MARTIN: So I very much understand it. And, as I said, I'm personally a Vanguard investor. And I don't feel like I should be implicated in somehow lessening competition among US firms. And in some ways, it's also not the presence of Vanguard that is the problem, but more like the absence of somebody who is even more powerful and not at the same time holds stakes in competitors as well. The problem is just that when a greater and greater fraction of shares in companies gets encumbered by these large mutual fund complexes, then it becomes hard or impossible for shareholders that hold concentrated stakes in one firm to acquire the stakes, run activist campaigns to drive innovation, make management more efficient, reduce costs and so forth. And I think you and I will probably agree that it is close to absurd to think that Vanguard could play the same role at Tesla that Elon Musk is playing at Tesla. So, again, the idea is, if you get rid of Elon Musk at Tesla, then how would Tesla continue to run and operate five years into the future, if they're essentially controlled by Vanguard? So in some ways, the problem is that Vanguard does not actively control companies in the same way that an investor would, who's equally powerful, but who does not at the same time own large financial stakes in competitors as well. So the notion that Vanguard is passive and has all these small investors, and therefore they don't intervene with firms, that's kind of the problem description, rather than an excuse, or an explanation of why that wouldn't happen.

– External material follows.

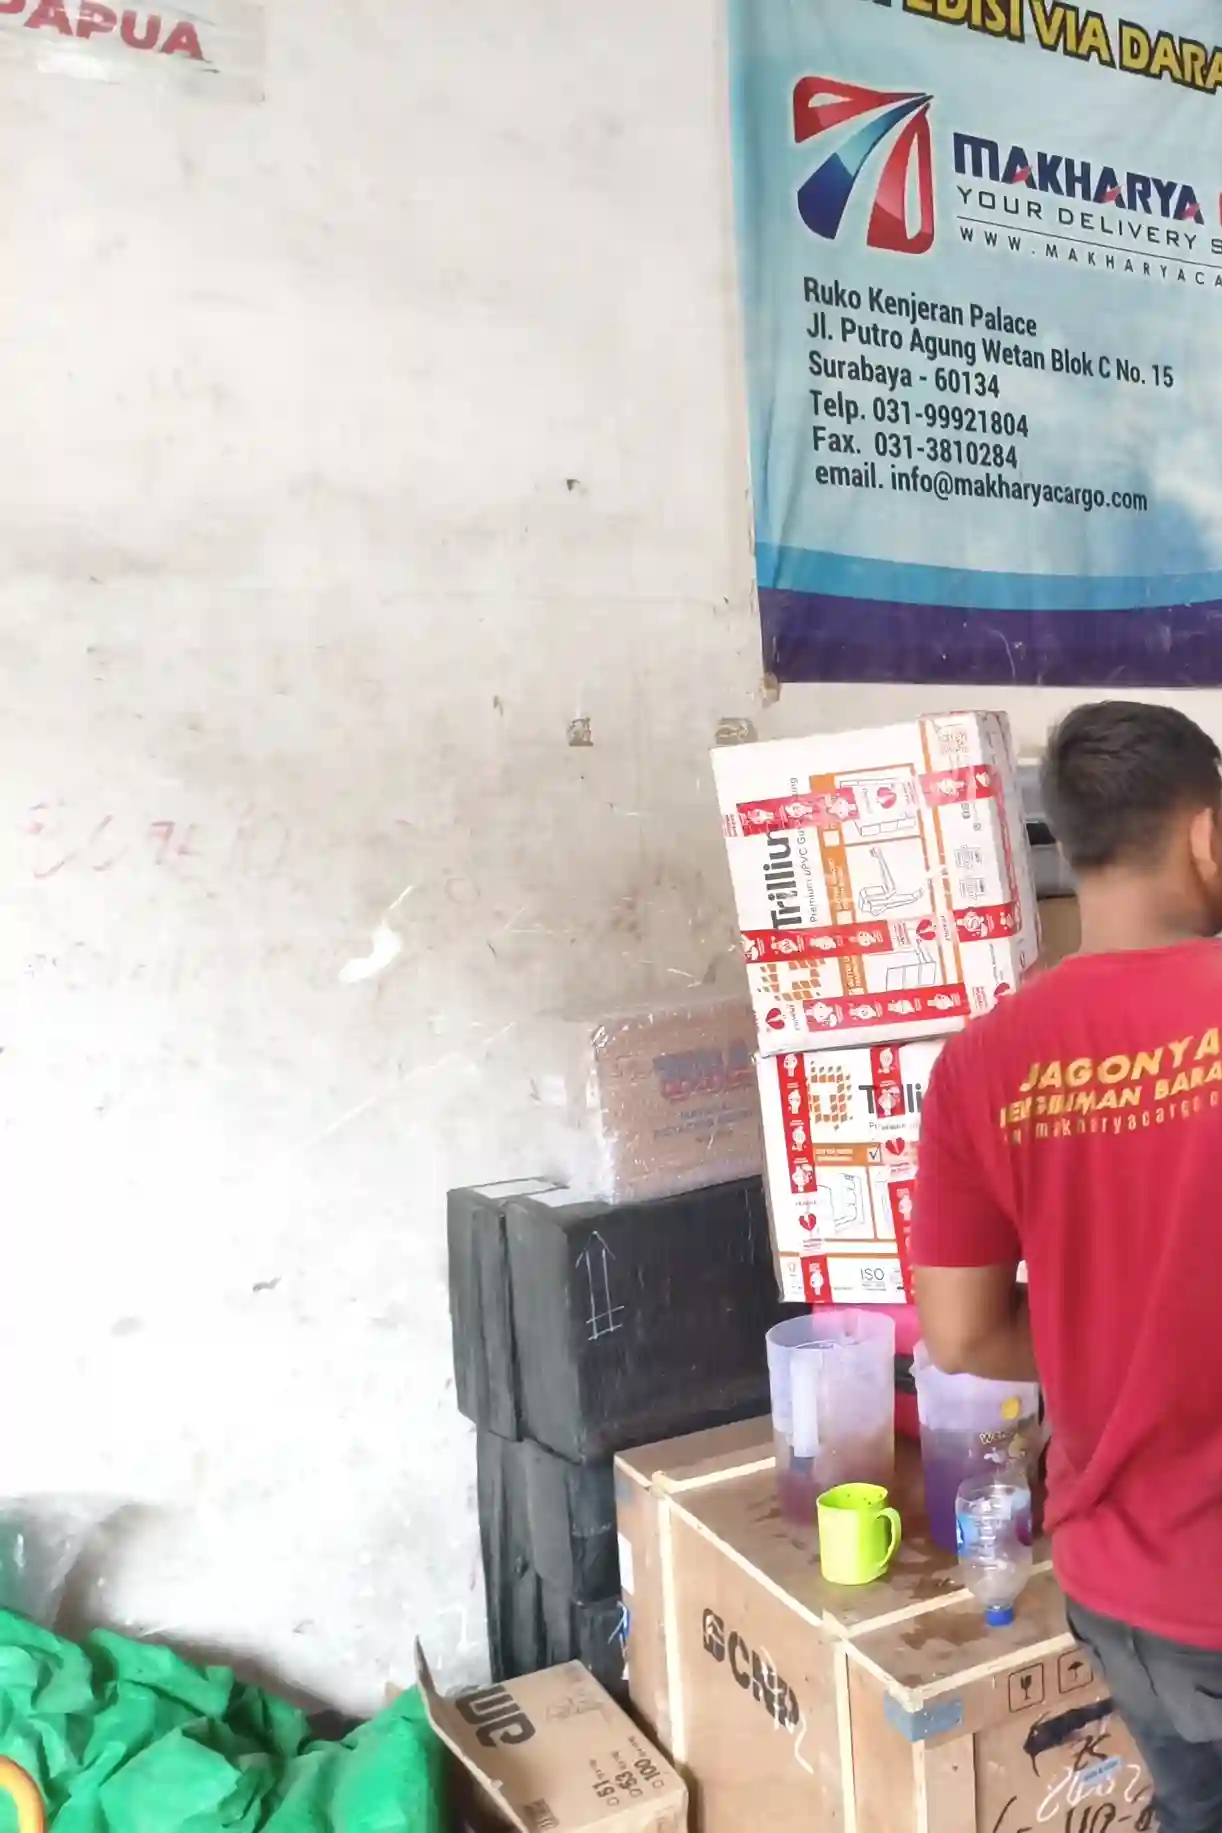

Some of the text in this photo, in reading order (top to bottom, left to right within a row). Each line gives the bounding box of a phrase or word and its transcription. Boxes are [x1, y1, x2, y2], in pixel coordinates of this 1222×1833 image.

SPENCER: I'm confused, though. Because if they don't intervene — I don't know for sure. You could imagine maybe they do try to intervene. But if let's say they don't intervene — because they themselves are just passive investors, mainly with lots and lots of their own investors investing in their ETFs or whatever, then those companies would just be effectively managed by whoever runs them. I don't quite understand the problem.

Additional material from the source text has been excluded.